Miners may have headed to the mountains hoping to discover
gold nuggets and tiny gilt grains in streams and veins of rock. We’ve stayed
home on the prairie and discovered it in our Kansas garden after experimenting
with new crops. One such Eureka moment arrived in the form of beta-carotene,
vitamin A rich sweet potatoes.
From the time my mother fed me pureed orange spoonfuls from
a Gerber jar, I’ve loved the flavor and bright color of this still favorite
food. Thanksgiving recipes incorporating butter, brown sugar, and marshmallows
or pecans into the mix confirmed my cravings. With the advent of cooking shows
and online recipe sites, I’ve discovered sweet potato pie, casseroles, fries,
chips, and soups. Those dishes mean I no longer wait for holidays to gobble this
favorite goodie. What I didn’t know until recently was that I could grow my own
tubers and enjoy them fresh from the garden.
Our family has planted traditional potatoes many times over
the decades and enjoyed the fun of digging them. It’s a thrill to stab a potato
fork into the soil and turn it to see how many thin-skinned, big and little
spuds one seed potato produced.

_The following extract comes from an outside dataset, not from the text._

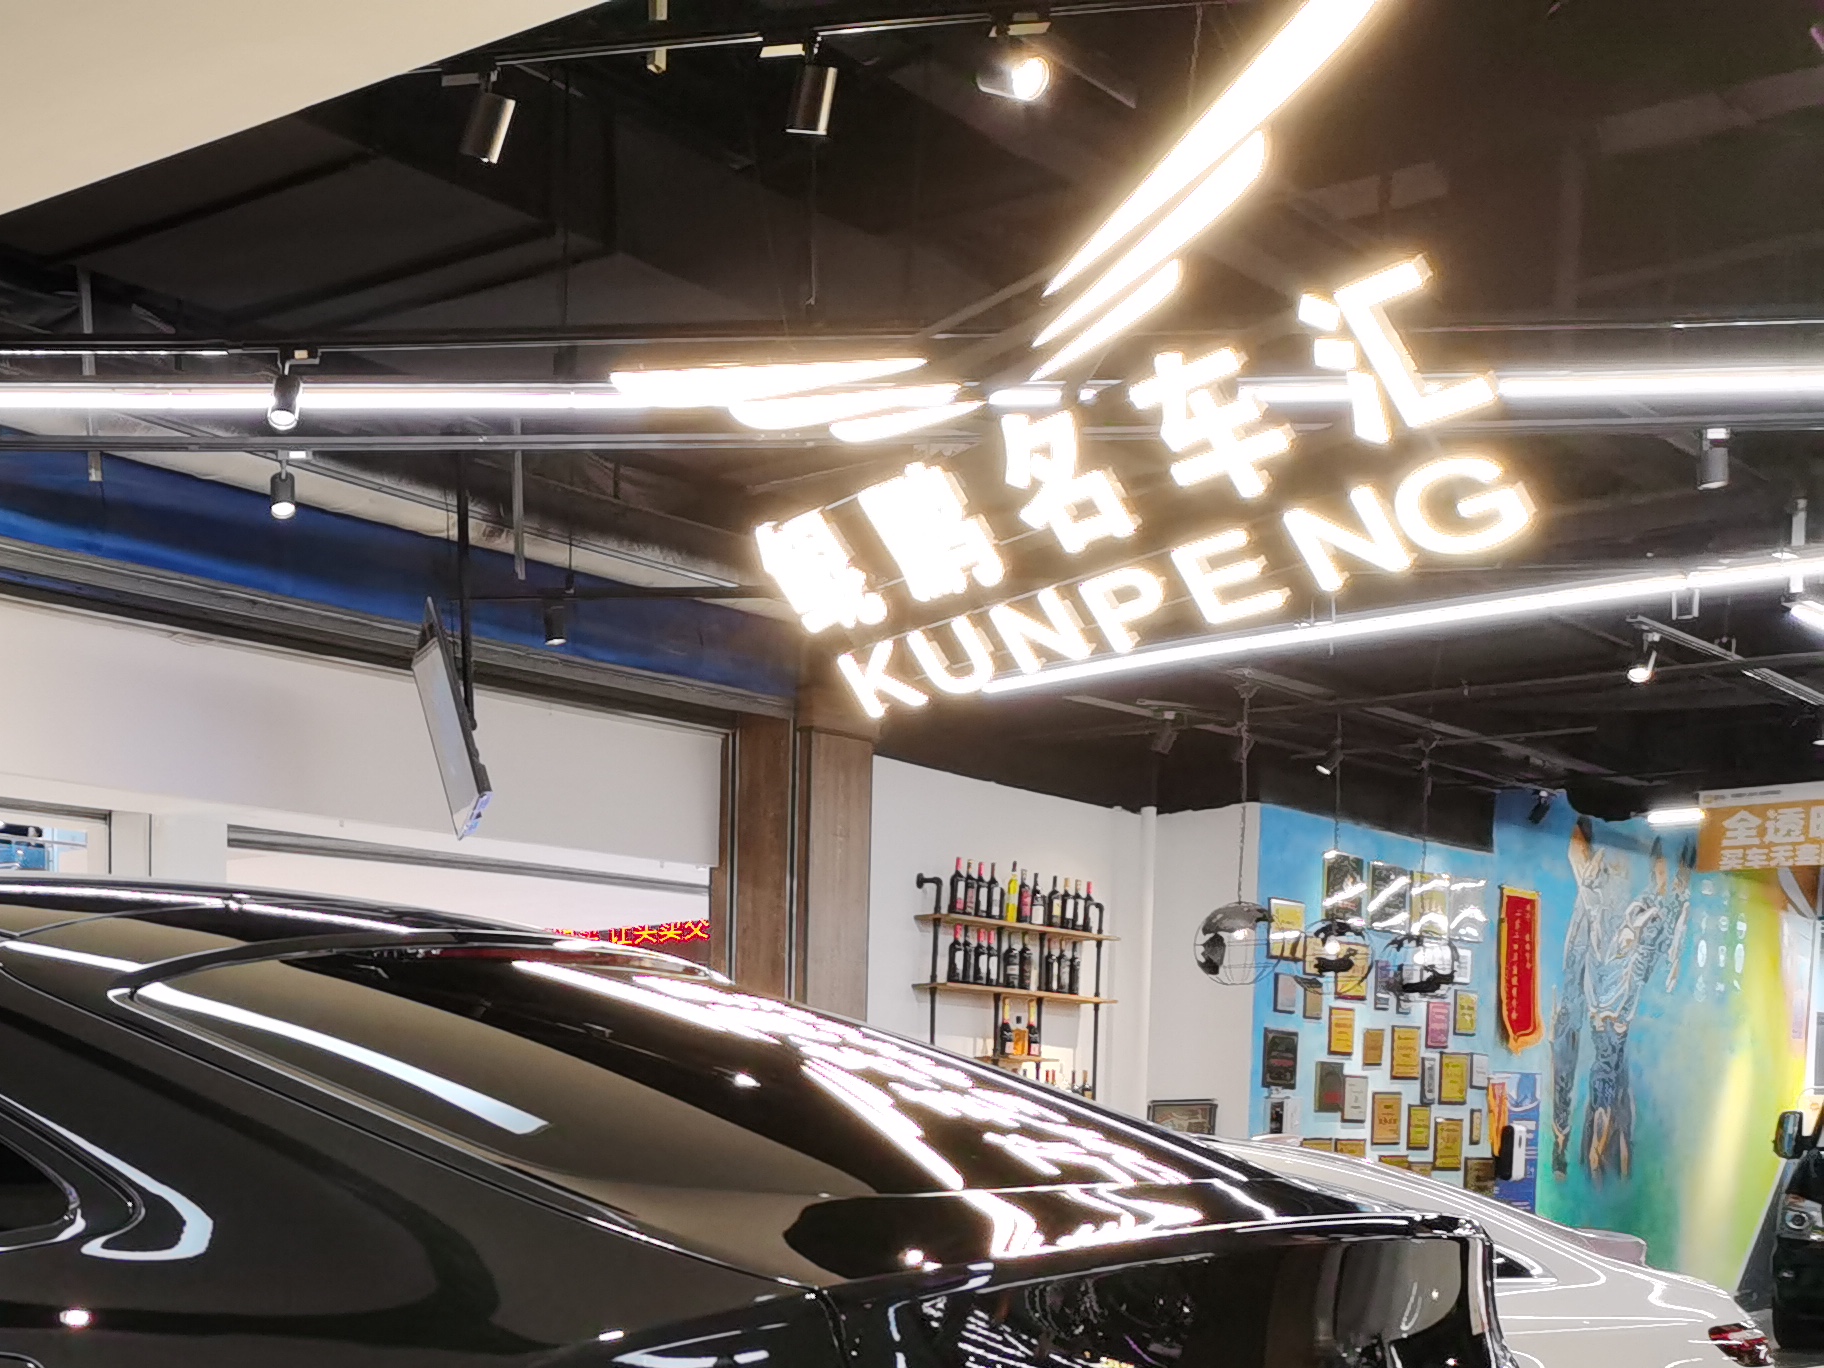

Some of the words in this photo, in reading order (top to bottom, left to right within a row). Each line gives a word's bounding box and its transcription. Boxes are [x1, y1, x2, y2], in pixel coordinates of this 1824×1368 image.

[835, 451, 1537, 718] KUNPENG
[1719, 843, 1824, 870] 买车无套

Planting sweet potato slips doubles the fun for
anyone who loves to guess what treasure lurks beneath those vibrant green
plants and vines.
To grow these holiday favorites requires shoots you can buy
at the garden center or start in the kitchen window in February or early March.
While you plant a cut up russet or Yukon eye to produce the traditional tater, to
harvest these sweeter forms of starch, you tuck a single leafy slip into a mound
of soil. This produces a beautiful vine that generates orange-tinged gold
underground. As a bonus, sweet potatoes are not in the nightshade family so gardeners
can eat tender leaves as well as the tubers multiplying beneath them later in
the season.
My husband dug ours recently and struck an unexpected Mother
Lode. We planted 12 tiny slips, losing four to frost. Later, another plant succumbed
so we were down to 7 plants. Examining
our reduced hopes, I wanted a large enough harvest to supply our family
Thanksgiving and Christmas dinners along with a batch or two of mashed or baked sweet
potatoes for the two of us.
Conditions this summer must’ve been perfect for this crop because
once my sweetheart turned the soil beneath the drying vines, he discovered various
sized orange tubers in a large enough quantity to fill an old-fashioned
washtub. One potato nearly the size of a football will feed our extended family!
Others grew large enough to serve multiple
mouths per spud. Thank goodness, they aren’t all humongous. A few are
small enough to feed a single diner.
It’s as if Midas with his golden touch produced these grand champion sweet potatoes. If they were
actual gold nuggets, we couldn’t find wheelbarrows enough to haul the money
they’d be worth to the bank. We’ll let miners slog through the cold, dark, and
damp to find wealth deep in the Rockies while our family celebrates our summer
harvest of gold this holiday season.